Task goal
Scan the entries for lines with the word "VERDE" and copy those lines.

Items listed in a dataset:
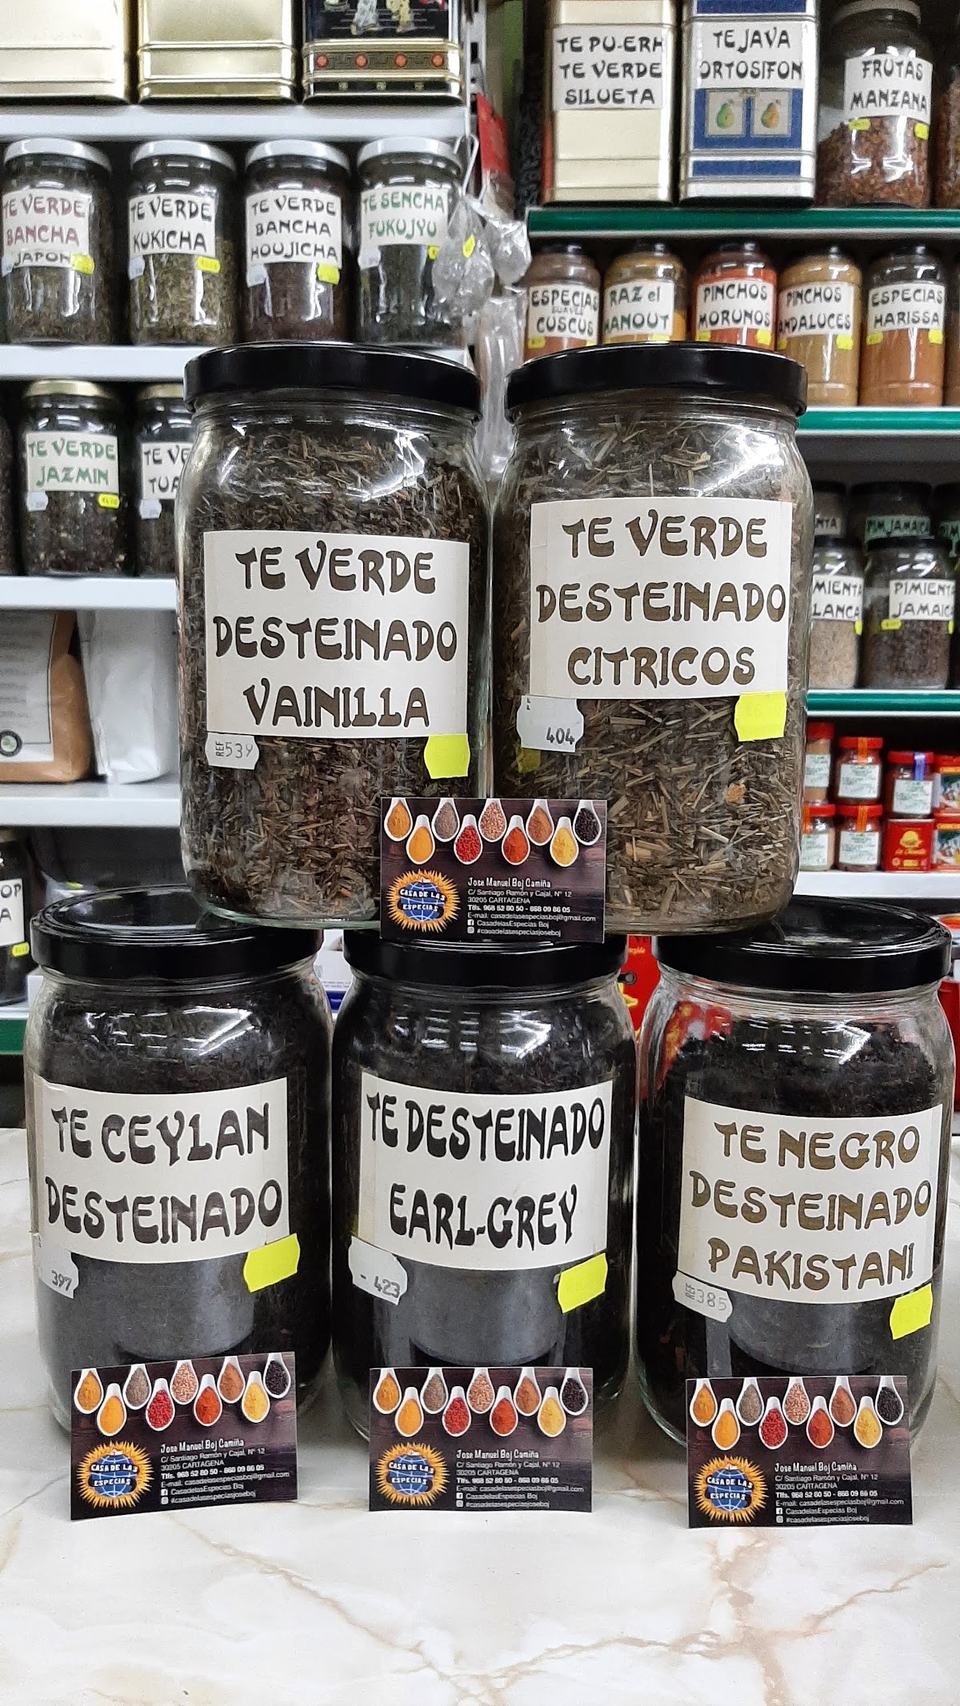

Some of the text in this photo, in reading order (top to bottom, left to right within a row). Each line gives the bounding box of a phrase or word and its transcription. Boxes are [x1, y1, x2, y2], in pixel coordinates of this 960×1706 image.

[557, 36, 662, 53] TE PU-ERH
[713, 27, 791, 53] TE JAVA
[560, 60, 662, 79] TE VERDE
[700, 60, 803, 80] ORTOSIFON
[862, 59, 923, 81] FRUTAS
[564, 88, 655, 105] SILUETA
[850, 89, 928, 114] MANZANA
[3, 193, 85, 219] TE VERDE
[131, 196, 212, 222] TE VERDE
[251, 195, 337, 216] TE VERDE
[362, 192, 445, 215] TE SENCHA
[6, 225, 80, 246] BANCHA
[256, 220, 332, 237] BANCHA
[133, 230, 207, 252] KUKICHA
[251, 241, 338, 261] HOUJICHA
[531, 289, 598, 312] ESPECIAS
[609, 286, 643, 307] RAZ
[703, 283, 768, 303] PINCHOS
[787, 286, 842, 308] PINCHOS
[871, 288, 944, 307] ESPECIAS
[536, 315, 594, 336] CUSCUS
[698, 310, 771, 330] MORUNOS
[778, 313, 851, 333] ANDALUCES
[873, 311, 941, 330] HARISSA
[28, 438, 116, 461] TE VERDE
[144, 447, 162, 466] TE
[35, 466, 109, 487] JAZMIN
[562, 509, 768, 560] TE VERDE
[235, 540, 436, 595] TE VERDE
[536, 582, 786, 622] DESTEINADO
[213, 616, 457, 661] DESTEINADO
[568, 647, 755, 688] CITRICOS
[243, 678, 429, 727] VAINILLA
[546, 727, 575, 745] 404
[400, 888, 417, 898] CASA
[431, 892, 446, 901] LAS
[468, 878, 484, 887] Jose
[512, 879, 524, 890] Boj
[403, 904, 439, 912] ESPECIAS
[51, 1102, 269, 1166] TE CEYLAN
[367, 1092, 604, 1162] TE DESTEINADO
[714, 1122, 920, 1170] TE NEGRO
[45, 1176, 282, 1244] DESTEINADO
[689, 1170, 931, 1231] DESTEINADO
[389, 1183, 577, 1251] EARL-GREY
[707, 1237, 914, 1290] PAKISTANI
[697, 1289, 728, 1311] 385
[161, 1443, 177, 1454] Jose
[205, 1440, 216, 1452] Boj
[457, 1450, 473, 1459] Jose
[500, 1450, 512, 1461] Boj
[91, 1464, 109, 1473] CASA
[123, 1464, 138, 1473] LAS
[389, 1462, 406, 1470] CASA
[420, 1465, 434, 1474] LAS
[776, 1463, 792, 1473] Jose
[819, 1462, 831, 1474] Boj
[94, 1479, 131, 1487] ESPECIAS
[391, 1477, 427, 1485] ESPECIAS
[707, 1477, 724, 1485] CASA
[738, 1479, 753, 1489] LAS
[710, 1493, 746, 1501] ESPECIAS

Result of the task
[560, 60, 662, 79] TE VERDE
[3, 193, 85, 219] TE VERDE
[131, 196, 212, 222] TE VERDE
[251, 195, 337, 216] TE VERDE
[28, 438, 116, 461] TE VERDE
[562, 509, 768, 560] TE VERDE
[235, 540, 436, 595] TE VERDE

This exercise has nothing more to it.